Delaney mouthed the words along with her friend. She knew the lyrics of this lovesick song by heart. The childish rejoinder “It takes one to know one” stuck in her throat. “We’ll be there in twenty. You can tell him yourself.”

Ellie would and then Corey would kiss her until she took it all back. With a final huff Ellie hung up.

The door to his studio— the largest and with the best light because the co-op was Corey’s dream child— stood open. “Seriously, Corey. Think of someone besides yourself once in a while, please.” Delaney strode through the door, ready to ream her brother up one side and down the other. “You are so selfish.”

Delaney halted. At first blush it didn’t make sense. Twisted and smashed canvases littered the floor. Along with paints, brushes, beer bottles, and Thai food take-out cartons.

Wooden easels were broken like toothpicks and scattered on top of the canvases. Someone had splattered red paint over another finished piece— a woman eating a raspa in front of a vendor’s mobile cart, the Alamo in the background.

Delaney’s hands went to her throat.
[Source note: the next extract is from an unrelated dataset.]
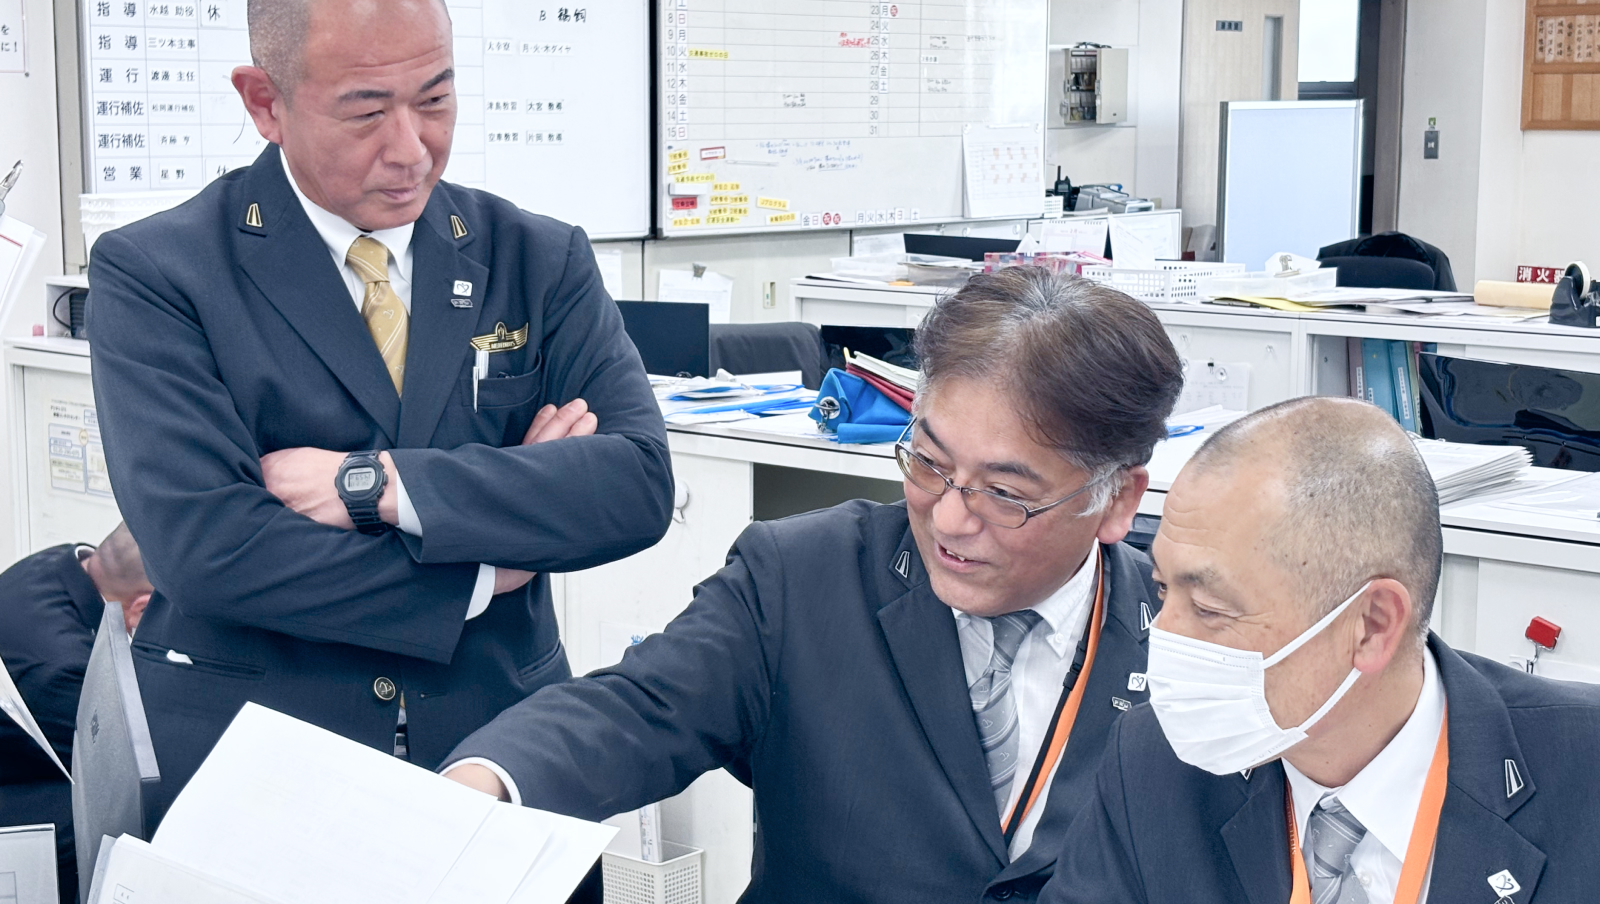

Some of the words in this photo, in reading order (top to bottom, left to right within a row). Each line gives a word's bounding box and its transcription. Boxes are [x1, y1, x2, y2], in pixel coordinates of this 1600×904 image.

The metallic scent of blood mingled with the odor of human waste gagged her. A fiery shiver started at her toes and raced like a lit fuse to her brain. Her mind took in detail after detail. That way she didn’t have to face the bigger picture staring her in the face. “Please, God, no.”

Even He couldn’t fix this.

She shot forward, stumbled, and fell to her knees. Her legs refused to work. She crawled the remainder of the distance to Corey across a floor marred by still-wet oil paint, beer, and other liquids she couldn’t bear to identify.

He sat with his back against the wall. His long legs clad in paint-splattered jeans sprawled in front of him. His feet were bare. His hands with those thin, expressive fingers lay in his lap. Deep lacerations scored his palms and fingers.

Her throat aching with the effort not to vomit, Delaney forced her gaze to move upward. His T-shirt, once white, now shone scarlet with blood. His blood. Rips in the shirt left his chest exposed, revealing stab wounds— too many to count.

Delaney opened her mouth. Scream. Just scream. Let it out.

No sound emerged.

She crawled alongside her big brother until she could lean her shoulder and head against the wall. “Corey?” she whispered.

His green eyes, fringed by thick, dark lashes that were the envy of every woman he’d ever dated, were open and startled. His skin, always pale and ethereal, had a blue tinge to it.

Delaney drowned in a tsunami of nausea. “Come on, Corey, this isn’t funny. I need you.”

Her teeth chattered. Hands shaking, she touched his throat. His skin was cold. So cold.

Too late, too late, too late. The words screamed in her head. Stop it. Just stop it. “You can’t be dead. You’re not allowed to die.”

Mom and Dad had died in a car wreck a week past her eighth birthday. Nana and Pops had taken their turns the year Delaney turned eighteen. Everybody she cared about died.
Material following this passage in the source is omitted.